Humanrelevanz: Nachweis in Patientenproben
Mit einem neu entwickelten monoklonalen Antikörper (r-mAb2G10) konnten die Forschenden erstmals polymeres PGBb (pPGBb) in der Gelenkflüssigkeit von Menschen detektieren. In 90 Prozent der Proben von Patienten mit PLAS konnte auch nach einer antibiotischen Behandlung pPGBb immunologisch nachgewiesen werden, wohingegen Kontrollproben aus anderen Arthritisformen negativ blieben. Dies legt nahe, dass polymeres, nicht vollständig abgebautes PGBb ein relevanter pathophysiologischer Faktor in der chronischen Phase der Lyme-Borreliose ist.

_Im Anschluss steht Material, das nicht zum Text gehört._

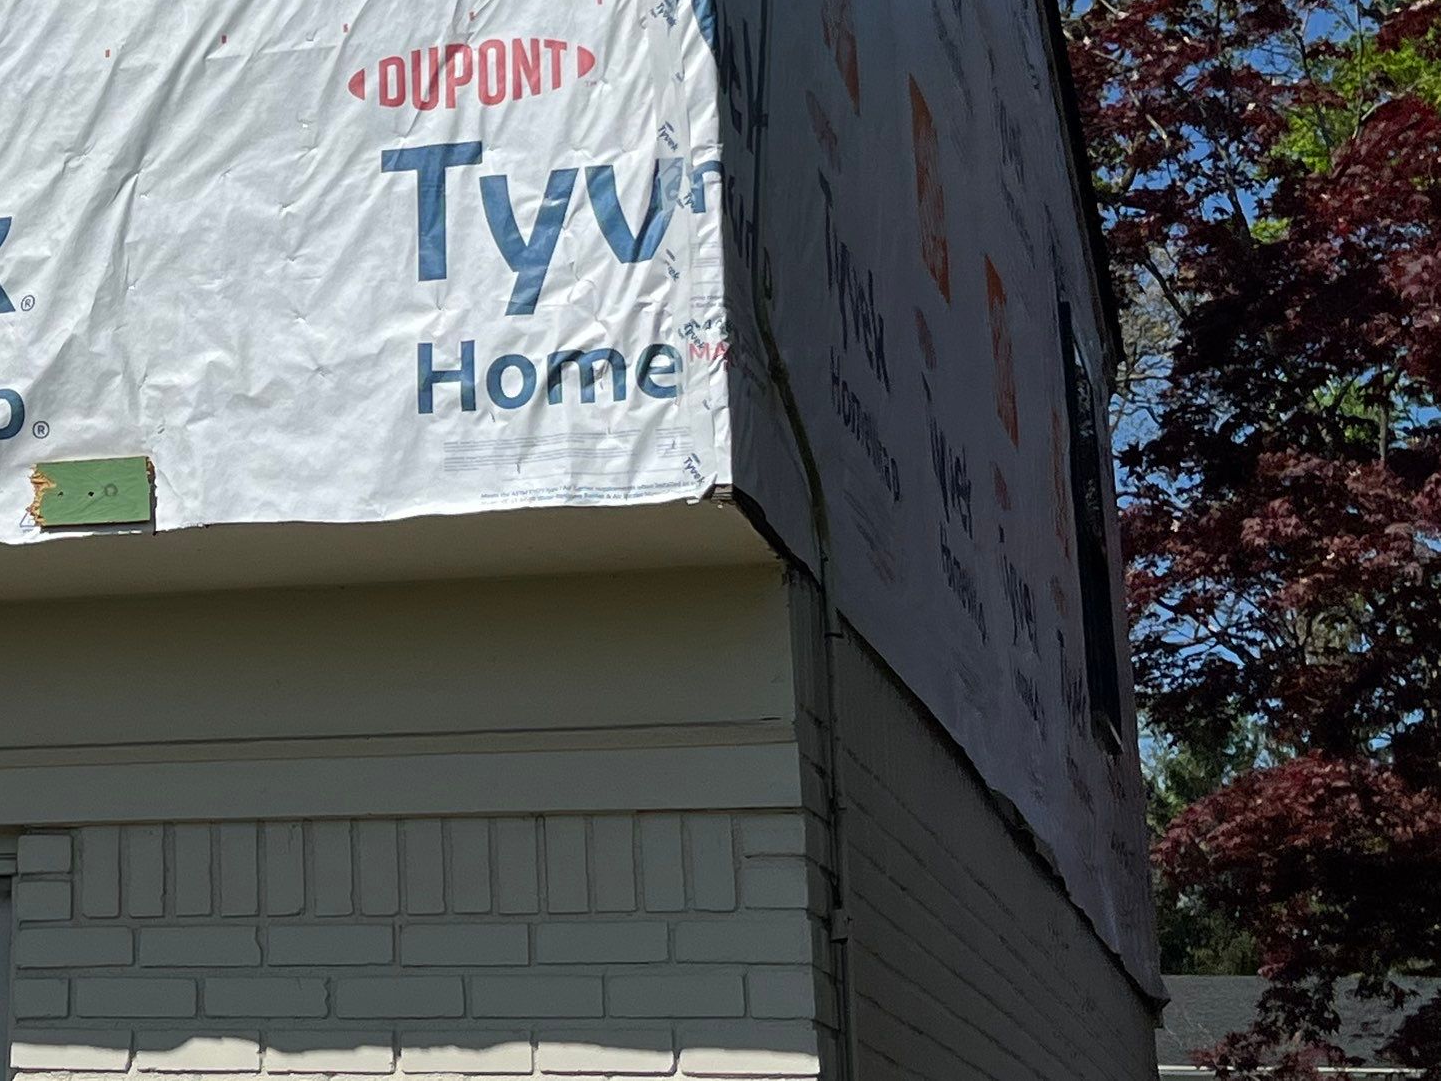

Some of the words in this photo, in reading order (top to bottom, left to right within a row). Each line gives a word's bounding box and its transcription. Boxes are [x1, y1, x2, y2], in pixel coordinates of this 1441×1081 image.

[378, 38, 568, 111] DUPONT
[381, 141, 684, 316] Tyv
[418, 340, 683, 414] Home
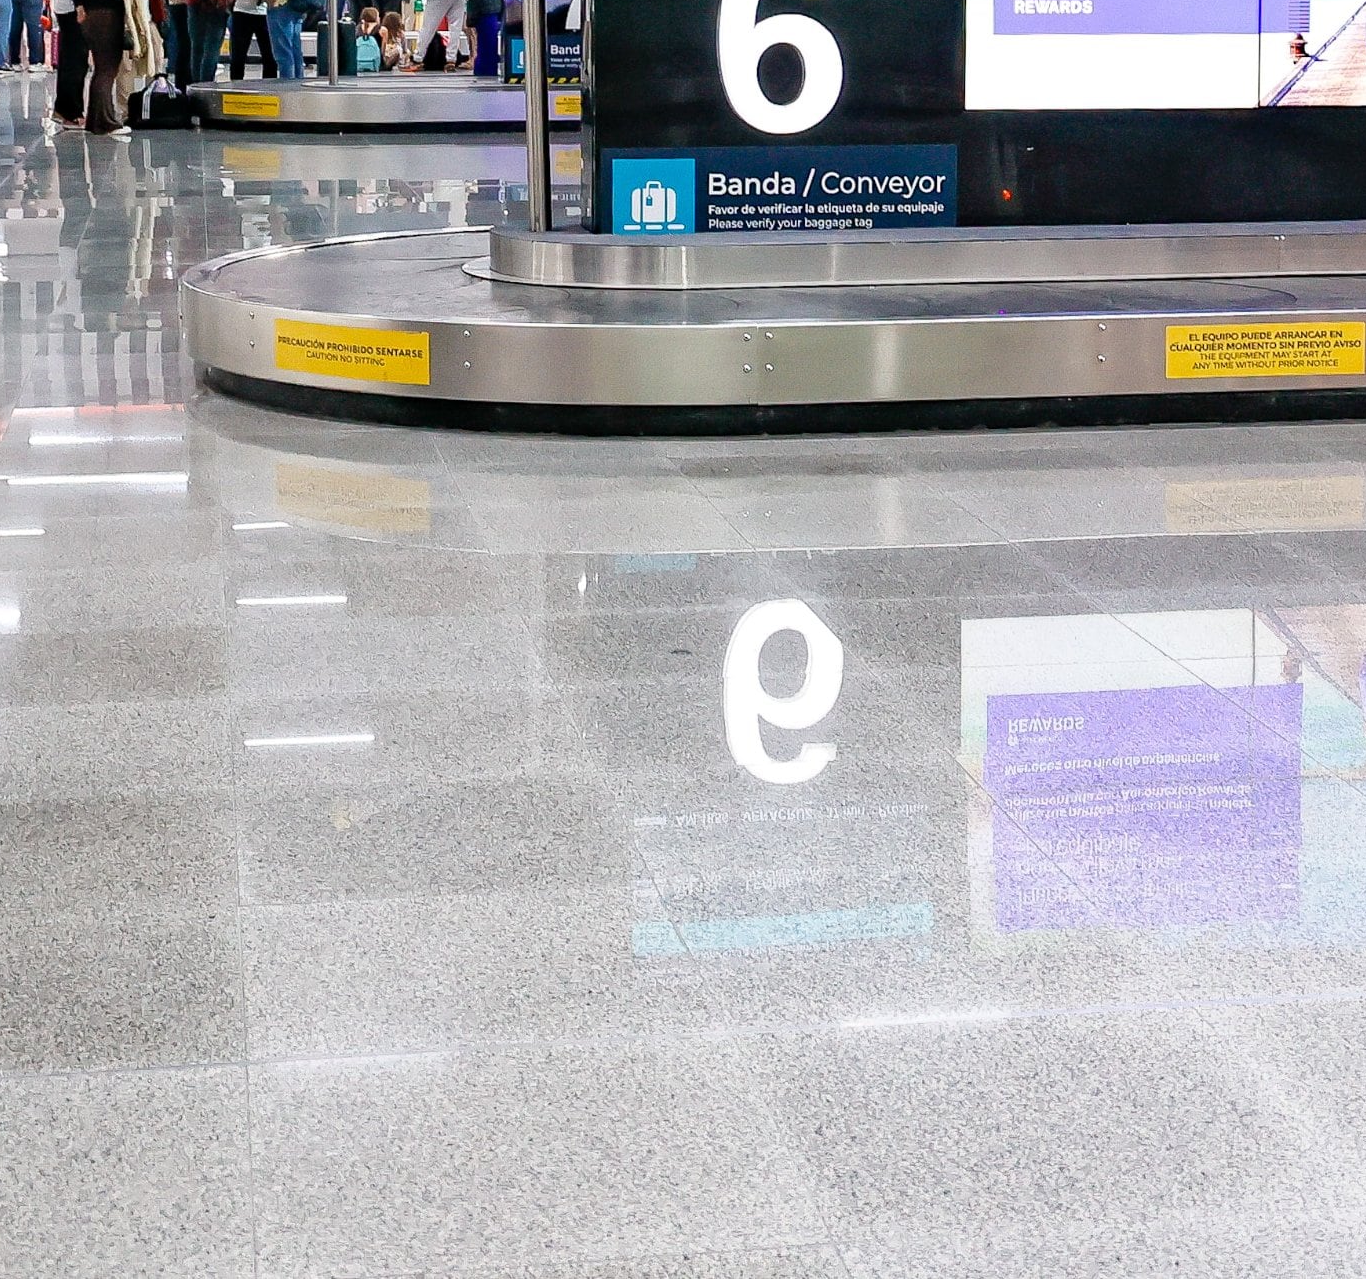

Den Autoren zufolge könnte pPGBb als persistierendes Pathogen-assoziiertes molekulares Muster (PAMP) eine Schlüsselrolle bei der Chronifizierung von Symptomen nach B.-burgdorferi-Infektion spielen, indem es kontinuierlich aus der Leber freigesetzt werden kann, dauerhaft Immunreaktionen aktiviert, Metabolismus-Pfade stört und möglicherweise autoimmune Prozesse triggert.
Diese Hypothese wird durch Parallelen zu anderen postinfektiösen Syndromen wie Long Covid unterstützt. Wie die Zellwandreste Entzündungen auslösen und Symptome verursachen, muss noch genauer untersucht werden, um diagnostische Marker und zielgerichtete Therapien für die Erkrankung zu entwickeln, insbesondere um unnötige Antibiotikatherapien oder Immunsuppressiva-Gaben zu vermeiden.